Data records
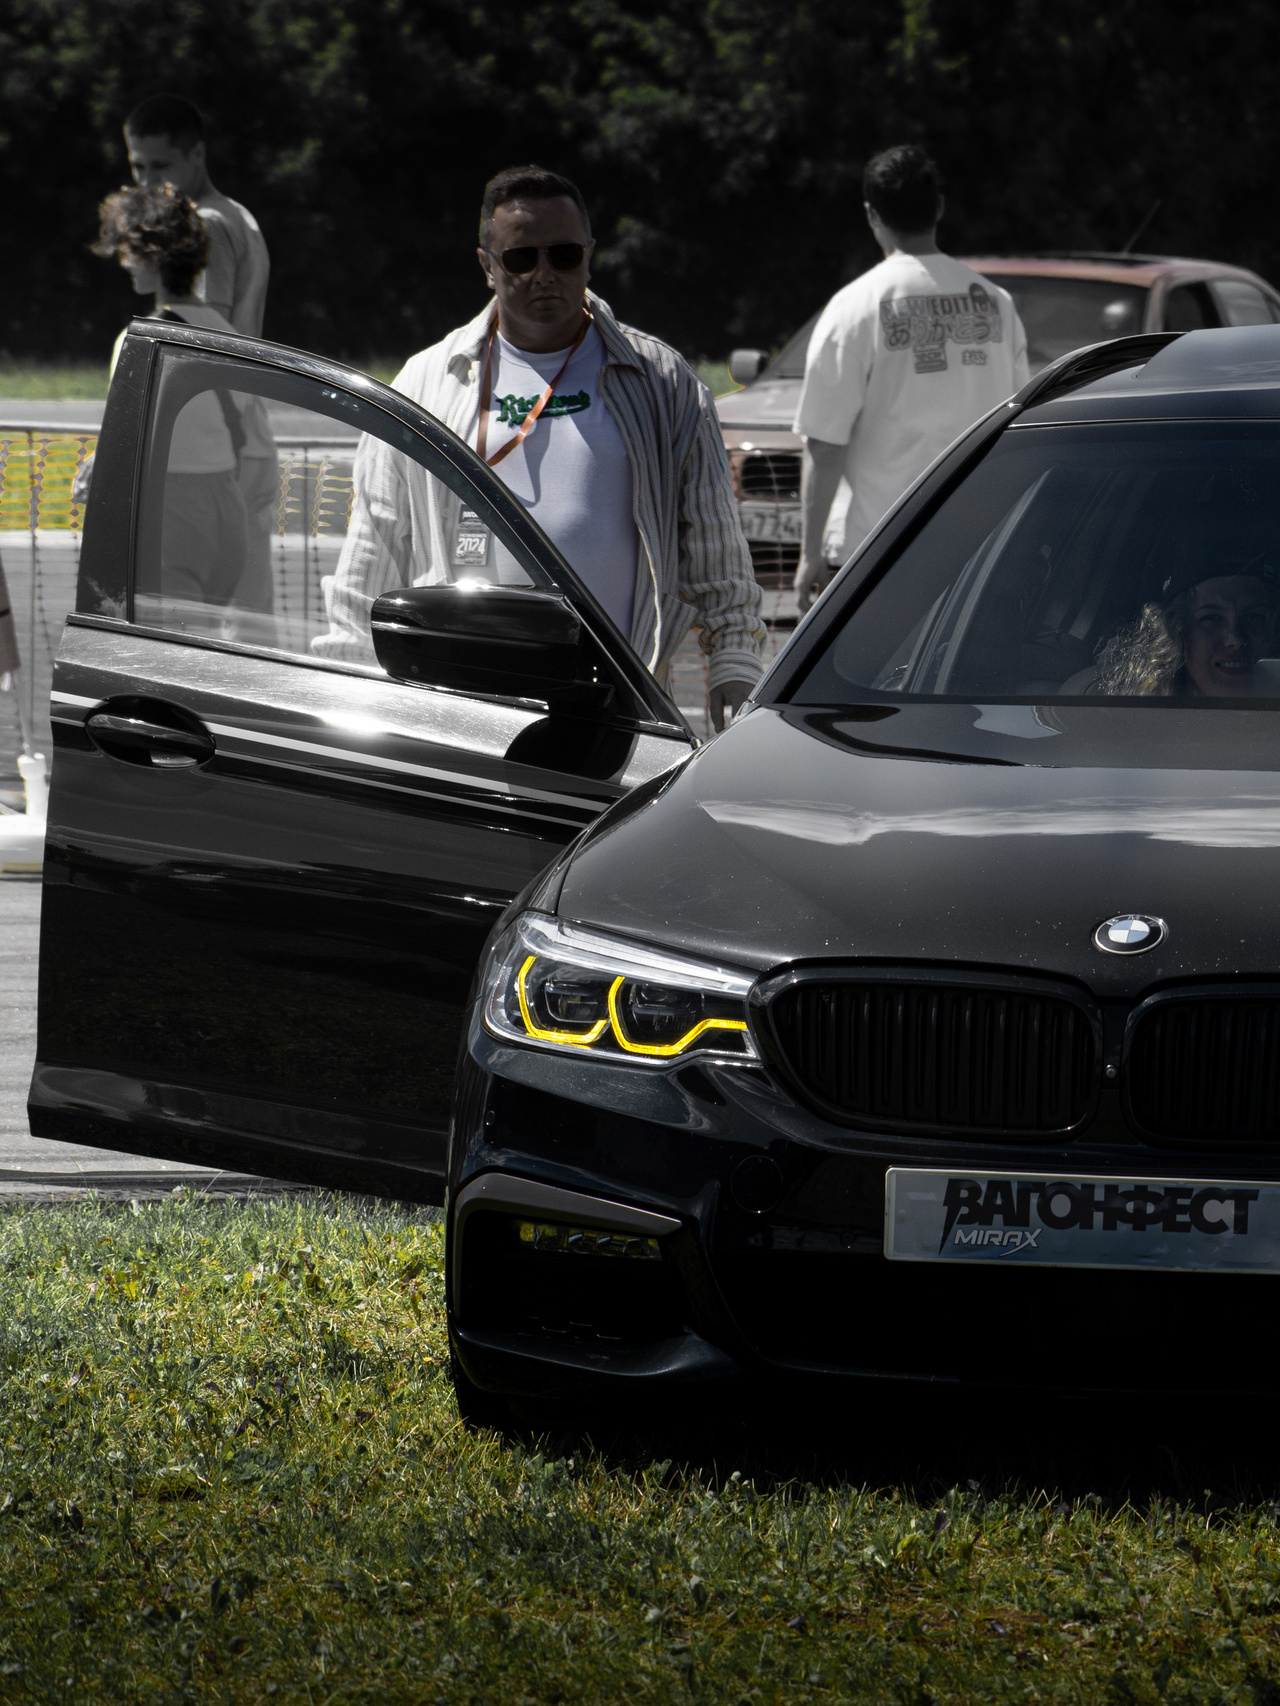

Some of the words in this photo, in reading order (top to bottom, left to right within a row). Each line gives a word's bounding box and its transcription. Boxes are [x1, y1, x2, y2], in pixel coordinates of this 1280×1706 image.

[456, 537, 487, 555] 2024
[939, 1178, 1259, 1255] ВАГОНФЕСТ
[953, 1227, 1043, 1258] MIRAX
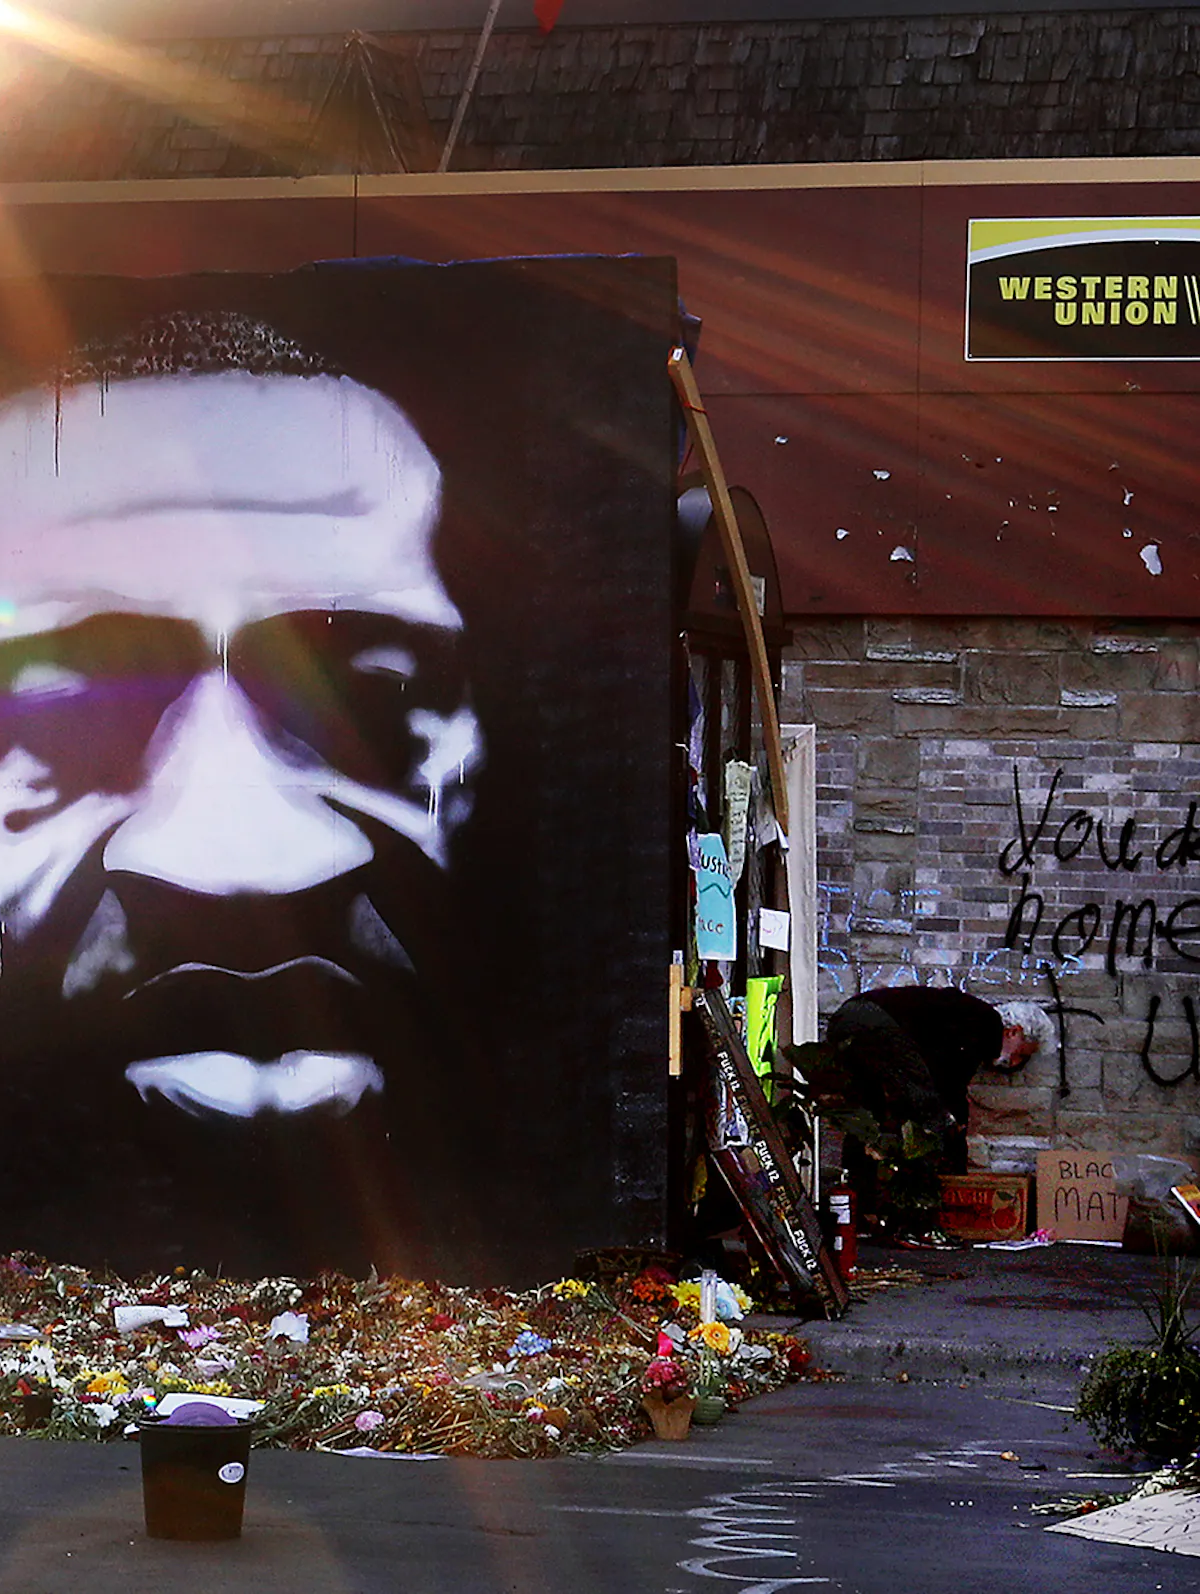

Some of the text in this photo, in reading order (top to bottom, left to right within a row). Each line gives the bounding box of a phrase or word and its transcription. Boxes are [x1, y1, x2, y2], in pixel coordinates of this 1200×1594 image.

Task requirements:
When repeating the entries, leave out every picture and keep the rest exact.

Solution to this problem:
Some of the words in this photo, in reading order (top to bottom, left to right within a row). Each line gives a word's bounding box and its transcription. Boxes are [x1, y1, x2, y2], in pixel coordinates of this 1280×1706 image.

[456, 537, 487, 555] 2024
[939, 1178, 1259, 1255] ВАГОНФЕСТ
[953, 1227, 1043, 1258] MIRAX

Some of the text in this photo, in reading order (top to bottom, left to right within a row). Each line gives the bounding box of a phrase or word and its transcription. Boxes are [x1, y1, x2, y2], in pixel coordinates of this 1200×1594 image.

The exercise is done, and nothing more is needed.